Data Quality Services(DQS) – deduplication/matching Hindi data with SQL Server
Posted: May 16, 2012 Filed under: Database | Tags: de-duplication, DQS, hindi, matching, Unicode Leave a comment »This is an attempt to do 101 of 101 (Vinod and pinal know the reason why we have to do this
) . I have been interested in de-duplication for longest time and wished DQS was released earlier so that with 2012 they could have had “fresh” start.
In any case here we are looking at data from http://fcs.up.nic.in/upfood/helpline/ReportRegidWise.aspx. Idea is to find potential duplicates using set of attributes like card holder name, father/husband name, mother name. This data is represented in excel here. (data could be present in SQL too).
To do matching a dqs project of sql server (matching policy) needs to be created. 
We need to choose the data source which is the excel in our case.
Now we need to choose the source of data-sheet number where data resides. Row header option needs to be chosen to indicate first row has the names of the columns. 
Important element of matching is defining the domain – which is essentially defining data about the data. In this case metadata about the column we are going to examine. It involves giving the name, datatype at minimum (data/integer/decimal/string). For name columns we are going to use string data with language as “other”. This ensures Hindi etc can be compared.
Once the domain is defined we need to map the columns to the domains which is pretty straight forward process.
Now we need to define the rules for matching. In our case we are going to compare the rows based on 3 attributes(card holder name ,father/husband name, mother name). One can do exact search but we will choose the similarity based lookup. We also need to give weight to the column which will be used to dominate the comparison. We have chosen 70,20,10 across cardholder,father,mother names.
After this is simple start or profiling.
Once you look at the matched results – there is Mr. Kailash who has same sounding father in two villages – potentially a duplicate.

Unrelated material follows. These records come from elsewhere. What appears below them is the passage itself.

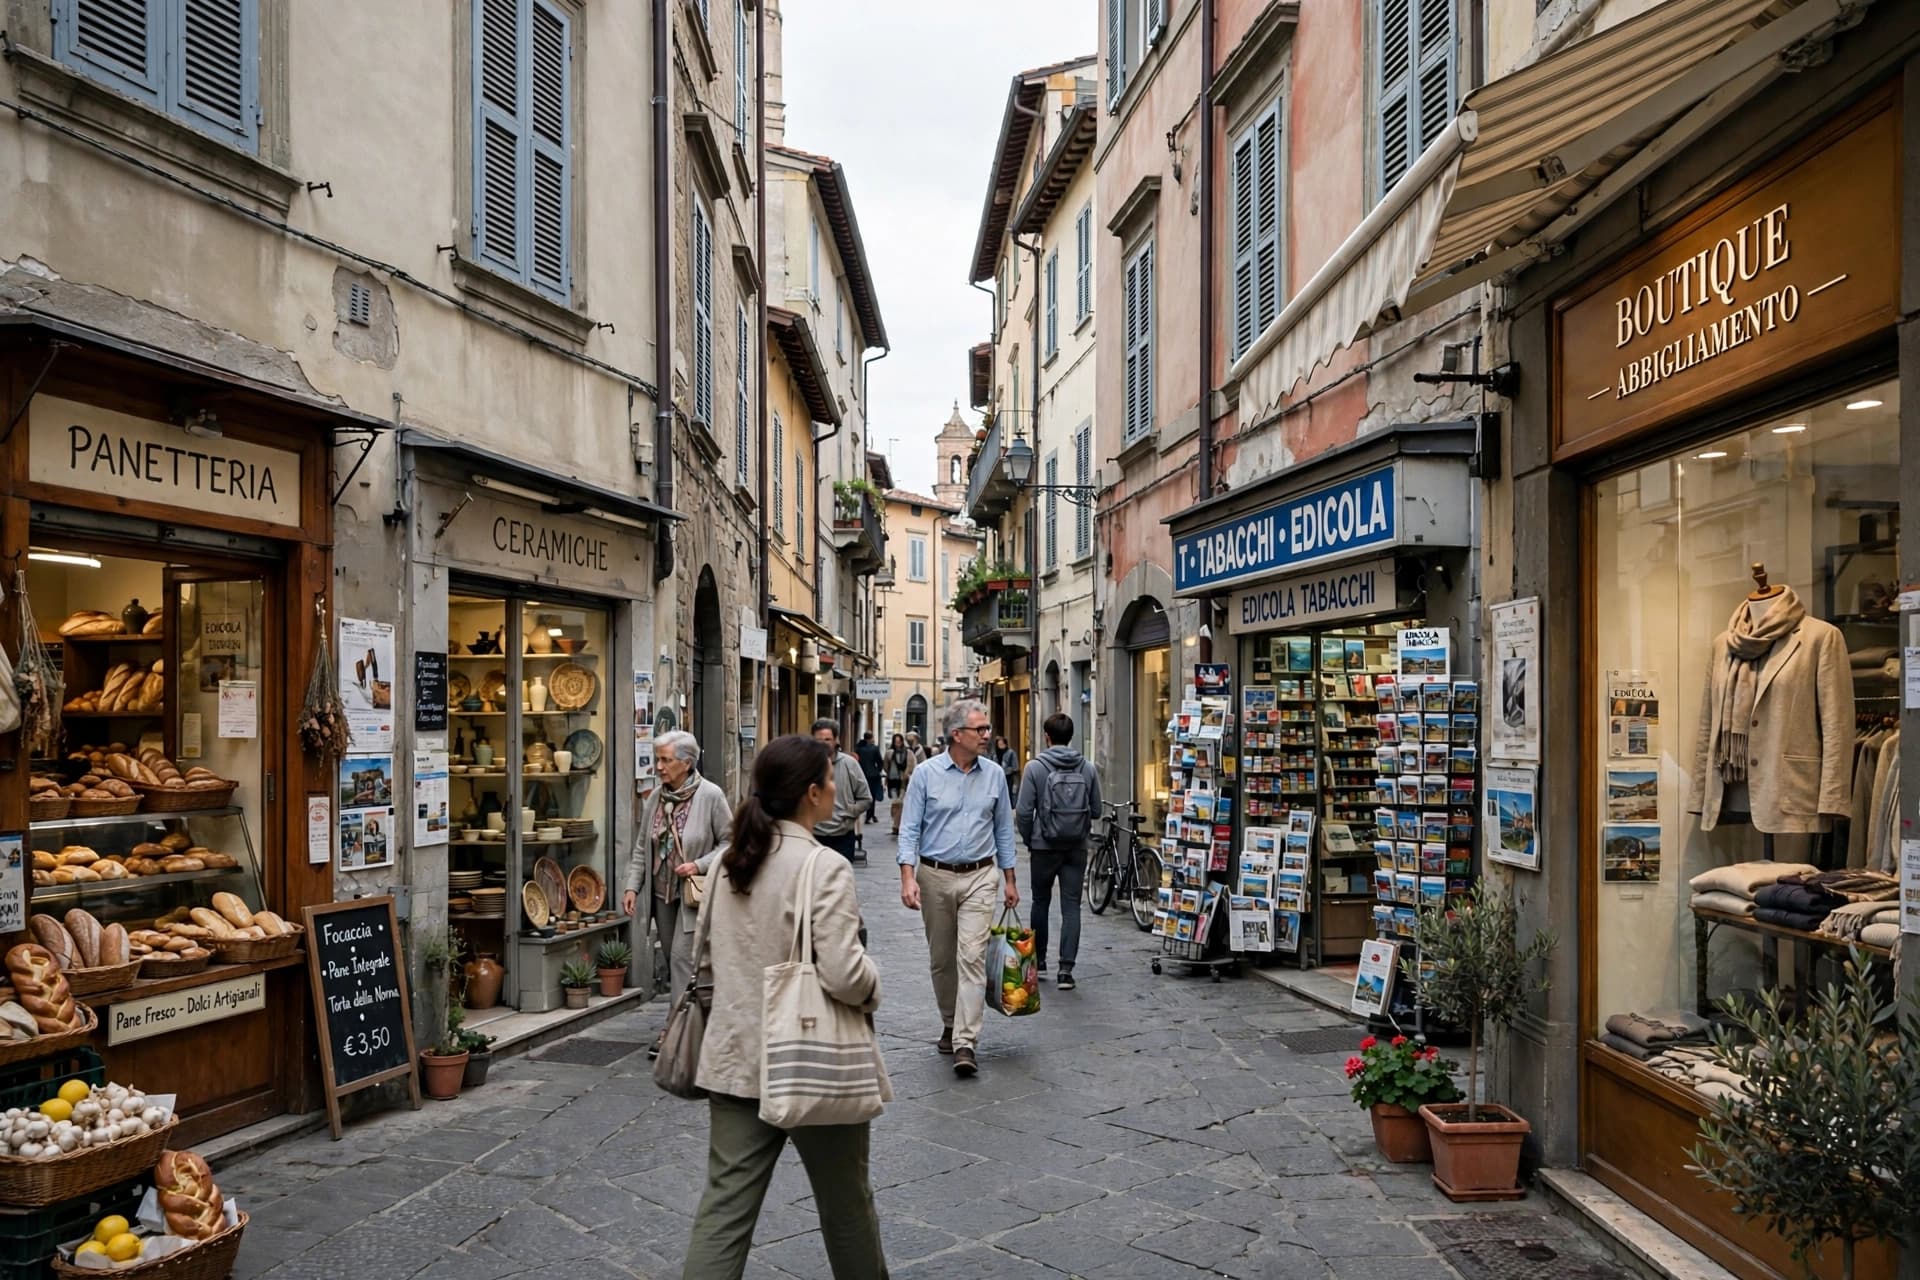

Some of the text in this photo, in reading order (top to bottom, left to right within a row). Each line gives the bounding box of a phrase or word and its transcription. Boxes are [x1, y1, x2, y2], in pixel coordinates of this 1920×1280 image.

[1615, 203, 1790, 348] BOUTIQUE
[1616, 284, 1799, 400] ABBIGLIAMENTO
[68, 425, 277, 504] PANETTERIA
[493, 516, 608, 571] CERAMICHE
[1179, 480, 1387, 582] T TABACCHI EDICOLA
[1242, 571, 1375, 625] EDICOLA TABACCHI
[323, 922, 373, 945] Focaccia
[328, 951, 390, 980] Pane Integrale
[116, 1012, 142, 1030] Pane
[145, 1007, 176, 1024] Fresco
[187, 995, 211, 1014] Dolci
[328, 995, 352, 1014] Torta
[353, 989, 374, 1007] della
[343, 1026, 390, 1057] €3,50
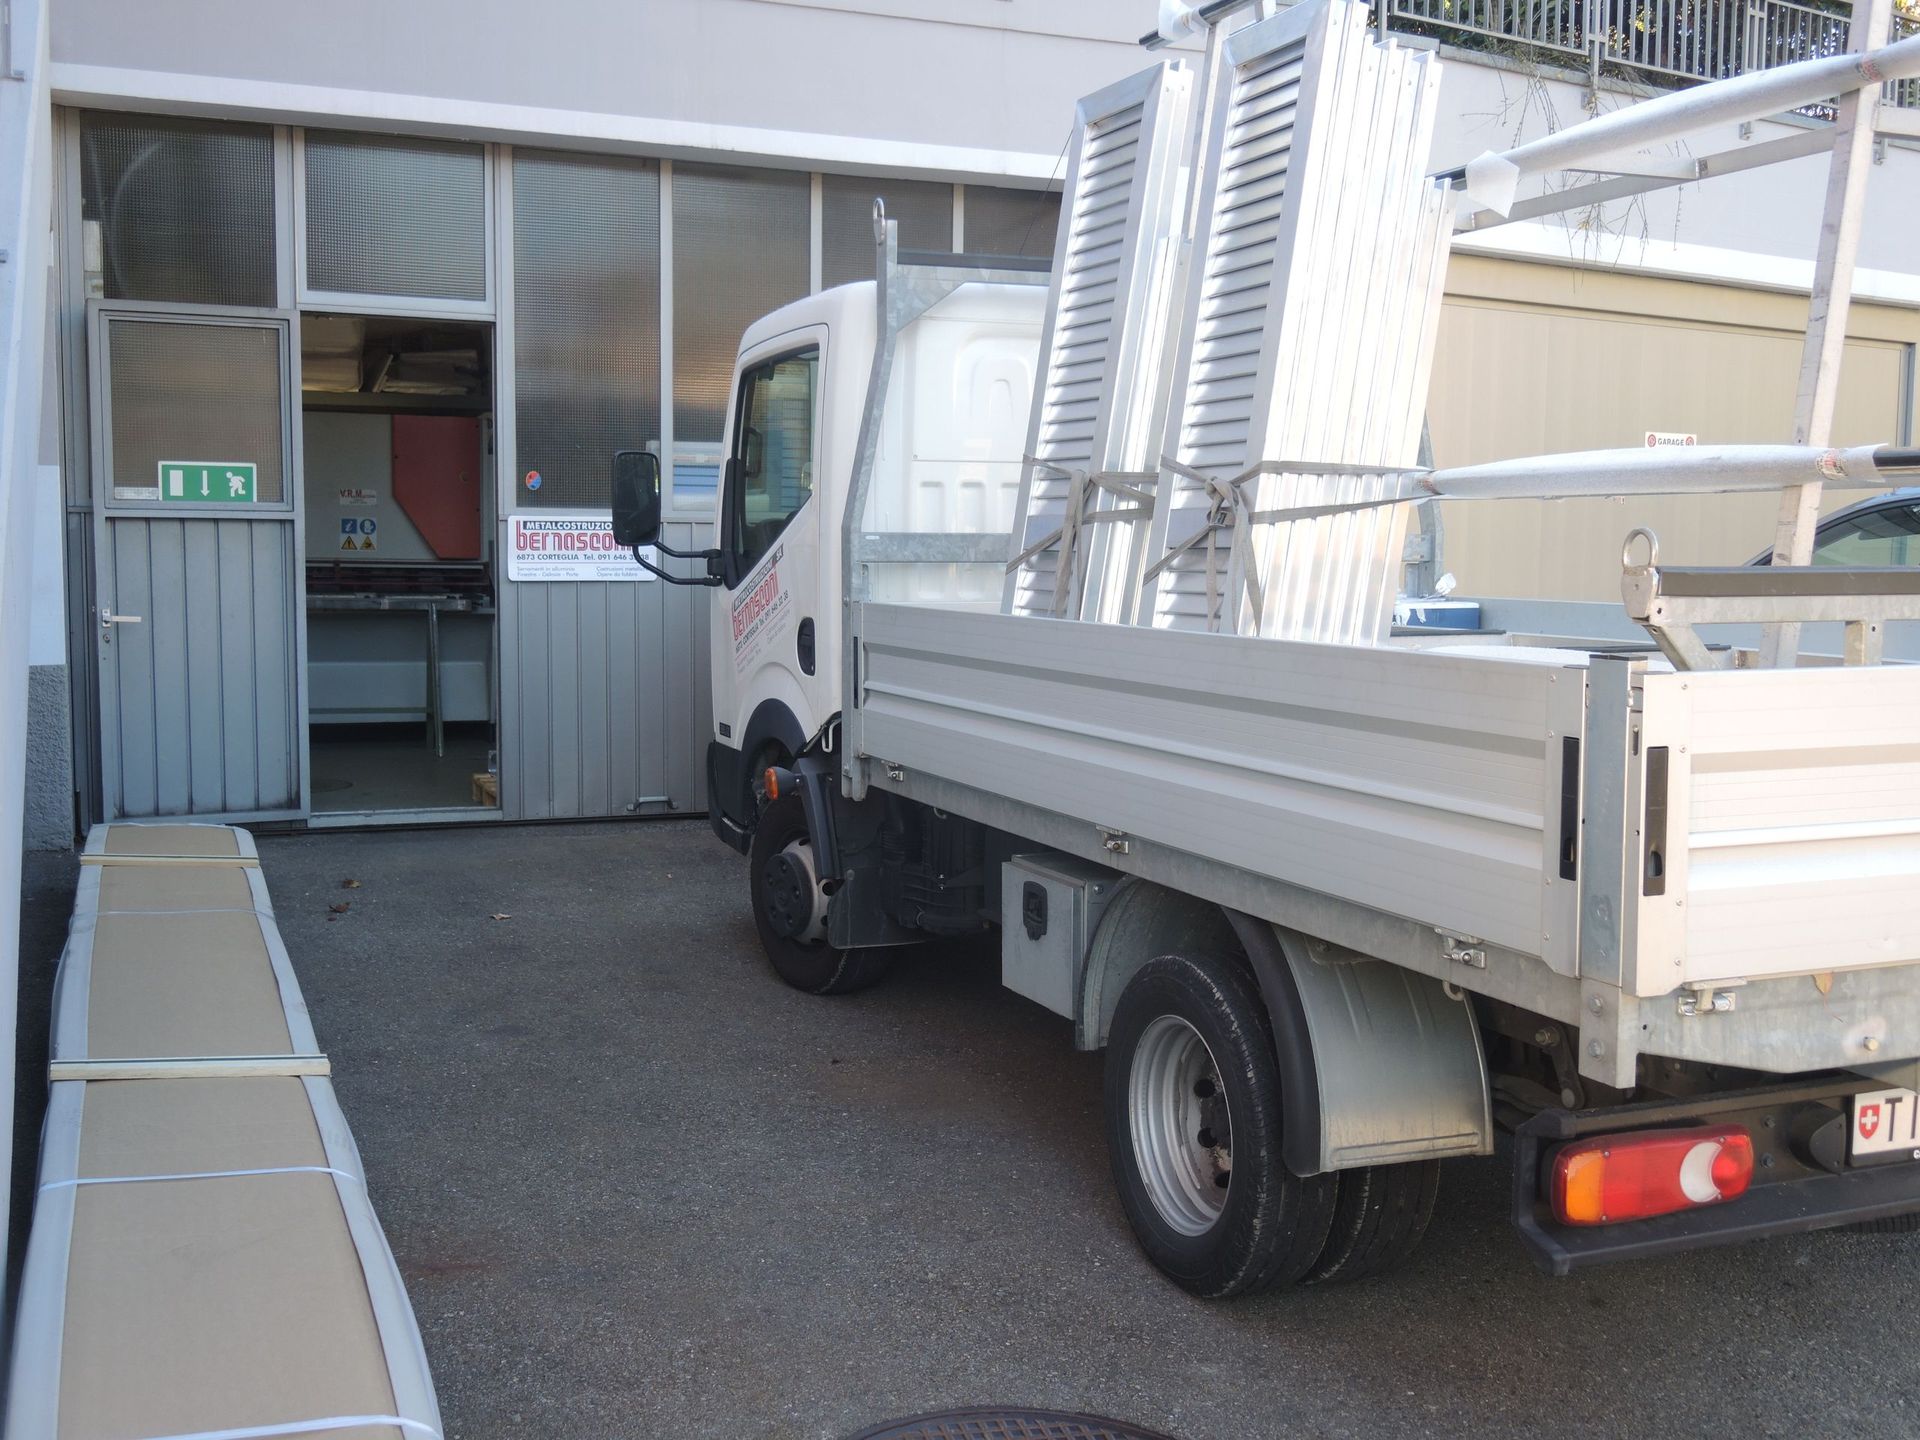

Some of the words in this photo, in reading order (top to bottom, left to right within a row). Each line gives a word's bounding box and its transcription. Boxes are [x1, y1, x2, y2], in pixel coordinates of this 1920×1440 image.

[1657, 438, 1685, 446] GARAGE
[526, 521, 613, 531] METALCOSTRUZIO
[516, 520, 632, 551] bernasco
[516, 553, 535, 561] 6873
[537, 553, 580, 561] CORTEGLIA
[583, 553, 596, 561] Tel.
[597, 553, 611, 561] 091
[613, 553, 627, 561] 646

Then we have exact matches
The profiler can show the need of data cleansing/messaging. Honestly every de-duplication exercise should first undergo normalization/cleansing process followed by physical verification process. As data can indicate only so much. It is also better to have more columns to compare to provide granular control.

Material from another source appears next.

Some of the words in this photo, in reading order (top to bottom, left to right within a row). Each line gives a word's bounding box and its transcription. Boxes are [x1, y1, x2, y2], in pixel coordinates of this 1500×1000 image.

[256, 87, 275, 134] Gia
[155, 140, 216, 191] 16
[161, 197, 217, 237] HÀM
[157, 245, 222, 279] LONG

Nearly 40% data for mother’s name is missing as is card #
.Aadhar can simplify the enrollment by cleaning up the duplicates from here and comparing it with others – unfortunately they wanted “completely new” enrollment etc.
Background -
Dedupliction and cleansing is required while creating DW or just cleaning the data. Imagine creating a customer 360 view where data for customer is coming from multiple systems. Unfortunately as it can happen information about cusotmer in different systems can be represented in slightly different way. One needs to cleanse this data and de-duplicate before using it to make decision.
String comparision functions in SQL Server -
SQL Server has = operator which can help to compare similar values. Like operator goes a step further to match approximately similar strings but misspellings are not its strength. Soundex/Difference play a role to compare phonetically two strings. Master Data Services adds Similarity function. This function is unique in the sense that it adds Levenshtein edit distance, Jaccard similarity coefficient,Jaro-Winkler distance, Longest common subsequence algorithms.

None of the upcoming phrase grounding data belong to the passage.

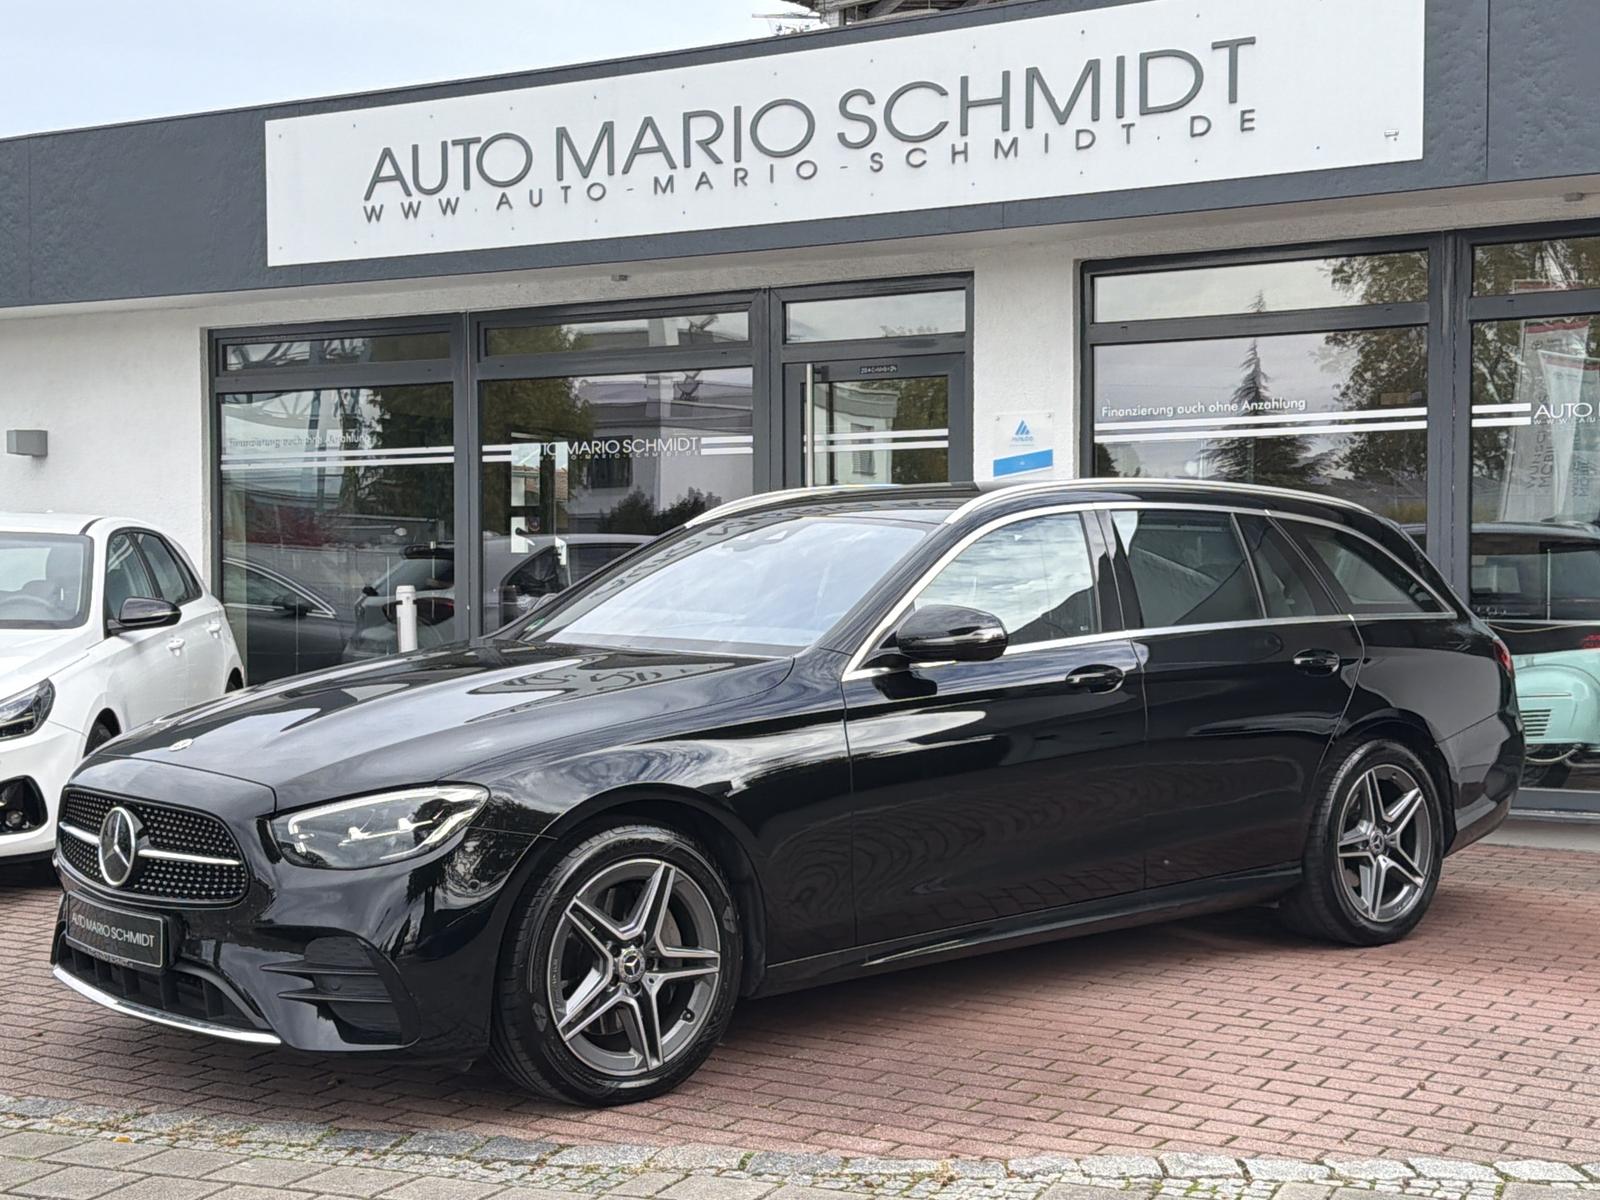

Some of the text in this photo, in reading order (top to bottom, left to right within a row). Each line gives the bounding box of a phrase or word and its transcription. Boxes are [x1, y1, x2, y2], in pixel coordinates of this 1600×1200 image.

[363, 36, 1257, 202] AUTO MARIO SCHMIDT
[1101, 397, 1307, 418] Finanzierung auch ohne Anzahlung
[1533, 402, 1593, 420] AUTO
[566, 439, 620, 455] MARIO
[622, 436, 699, 453] SCHMIDT
[86, 918, 110, 938] MARIO
[111, 925, 156, 948] SCHMIDT

Jaro-Winkler is usually the best algorithm but should be verified with own data.
Hopefully in future DQS/MDS/Phonetic pieces are integrated for simple usage.
Use Case Scenarios
Banks/Insurance agencies, Government programs (PDS/election card) all have data which needs cleansing and scalable de-duplication services. Sometimes data entry errors like reversal of first & last names results in not matching of names.
Generally data-duplication involves little bit more complexity – where other attributes like age, location address etc also play a role. If age is within months vs years is an expensive query. Location addresses have an issue where addresses are not standardized like US.
Name matching by itself can be applied to detect frauds or law-enforcement or counter-terrorism.
It is a hard problem because of
-misspelling, variations, cross language bias, nicknames, name ommission (english middle names are ommited, Spain-maternal name can before first name), Data Entry errors.
Comparison of methods
http://secondstring.sourceforge.net/doc/iiweb03.pdf
Advanced methods
Many of the algorithms/techniques come from BioMedical world – especially gene-sequencing-matching world. Most of them focus on gaps/transitions. One of them is Smith waterson Gotoh – http://www.bioinf.uni-freiburg.de/Lehre/Courses/2012_SS/V_Bioinformatik_1/gap-penalty-gotoh.pdf. For example – Sequence similarity search – http://biochem218.stanford.edu/07Rapid.pdf , or http://www.bioinf.uni-freiburg.de/Lehre/Courses/2012_SS/V_Bioinformatik_1/lecture3.pdf
Good Reference – When you have lot of time – A guided tour to approximate string matching – Navarro (ACM paper)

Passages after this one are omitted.